Если бы нам каждую ночь снилось одно и то же, то это производило бы на нас такое же впечатление, как бы мы видели эти предметы в действительности. Если бы ремесленник наверняка рассчитывал каждую ночь, в продолжение двенадцати часов, видеть себя королем, то, полагаю, он был бы почти так же счастлив, как король, которому всякую ночь, в течение двенадцати часов, снилось бы, что он ремесленник. Если бы каждую ночь нам снилось, что нас преследуют враги или тягостные сновидения и что все дни проводим в разнообразных занятиях, как бывает при путешествии, то мы страдали бы от этого почти так же, как если бы это было наяву, и нам стало бы страшно засыпать, как страшно бывает проснуться, когда нас действительно ожидают подобные неприятности.

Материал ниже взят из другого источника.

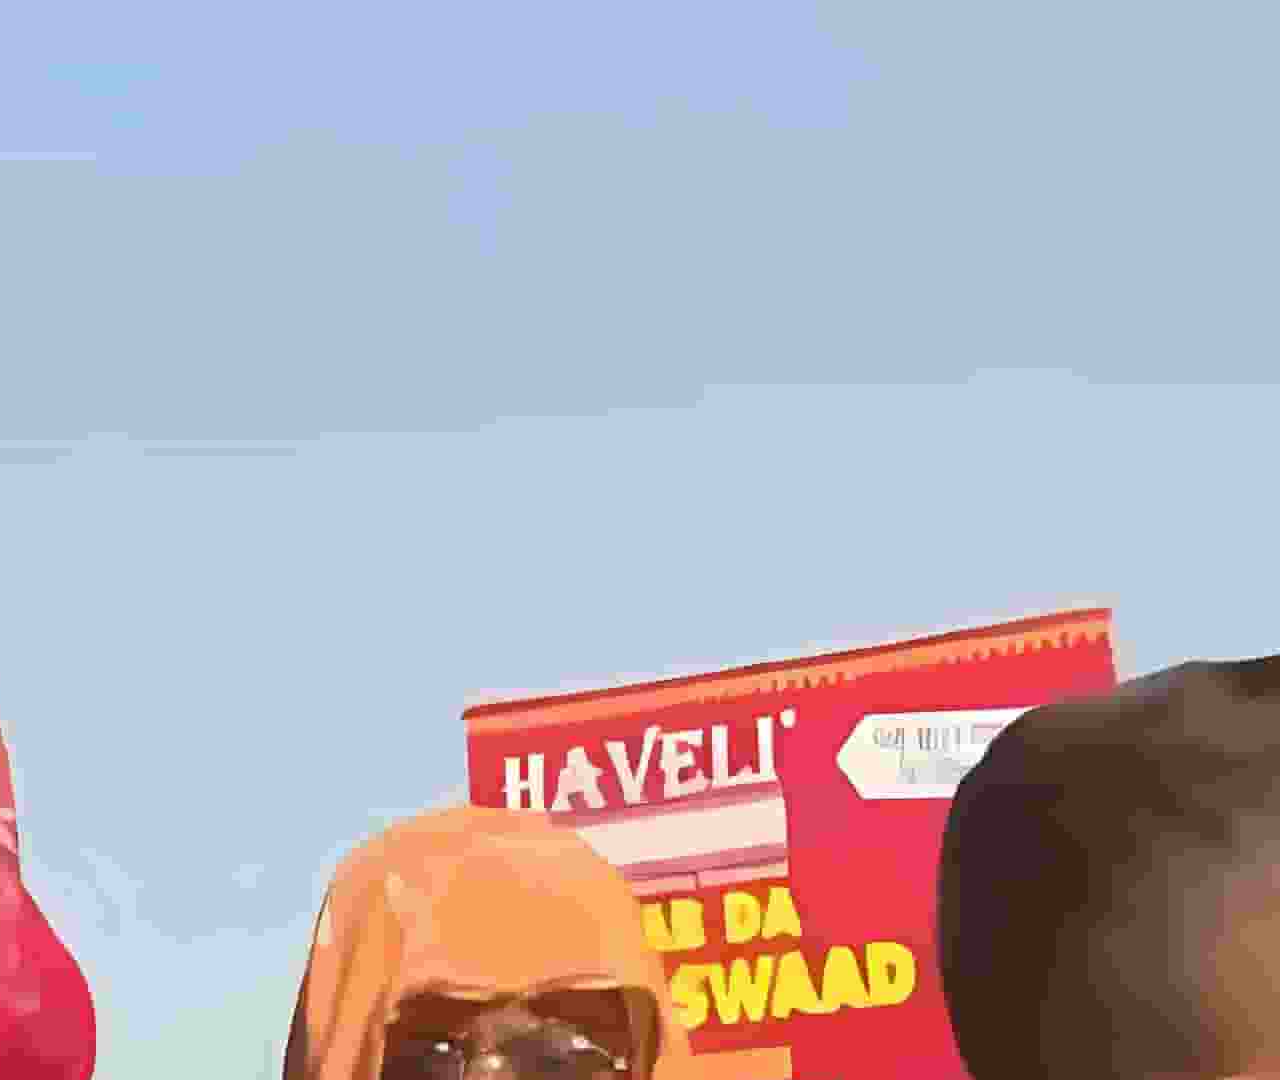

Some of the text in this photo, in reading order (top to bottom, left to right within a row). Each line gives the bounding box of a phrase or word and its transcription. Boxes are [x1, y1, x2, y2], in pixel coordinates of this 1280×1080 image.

И в самом деле, эти грезы были бы едва ли не тягостнее, чем самая действительность. Но так как сны разнообразны и изменчивы, то и впечатления от них гораздо меньше, чем от видимого наяву, ибо последнее, хотя и с переменами, но повторяется чаще и постояннее. При том же перемены эти не так неожиданны и, главным образом, бывают только при путешествиях. Поэтому тогда говорят: мне кажется, что я грежу; ибо самая жизнь тот же сон, только менее непостоянный.

XIV.

Мы предполагаем, что все люди одинаково воспринимают впечатления внешних предметов, но предположение это делаем наугад, ибо никаких доказательств на то не имеем. Я понимаю, что одинаковые слова употребляются в тожественных случаях, и всякий раз, когда двое видят, что тело или предмет меняет свое место, оба выражают впечатление от одною и того же предмета одними и теми же словами, говоря тот и другой, что он движется. И из этой тождественности определений выводят сильное доказательство тождественности идей. Но последняя вряд ли доказывается этим окончательно, хотя и многое можно сказать в защиту такого вывода. Мы знаем, что одни и те же последствия нередко выводят из различных предположений.

XV.

Видя действие, повторяющееся постоянно при одних и тех же данных, мы выводим из этого понятие естественной необходимости, как ожидаем, что завтра будет день и так далее; но часто природа нас обманывает и не подчиняется своим собственным законам.

XVI.

Науки имеют две соприкасающиеся между собою крайности: первая, то полное естественное неведение, в котором находятся все люди при рождении; другой крайности достигают великие души, которые, пройдя все доступное людям знание, убеждаются, что они ничего не знают и, таким образом, приходят к тому же неведению, с которого начали. Но это неведение ученое, сознательное. Вышедшие из естественного неведения и не достигнувшие неведения сознательного принимают некоторый оттенок самодовольного знания и разыгрывают из себя знатоков. Они смущают мир и обо всем судят хуже прочих. Направляют мир, по обыкновению, толпа да мудрецы, остальные презирают свет или презираемы им.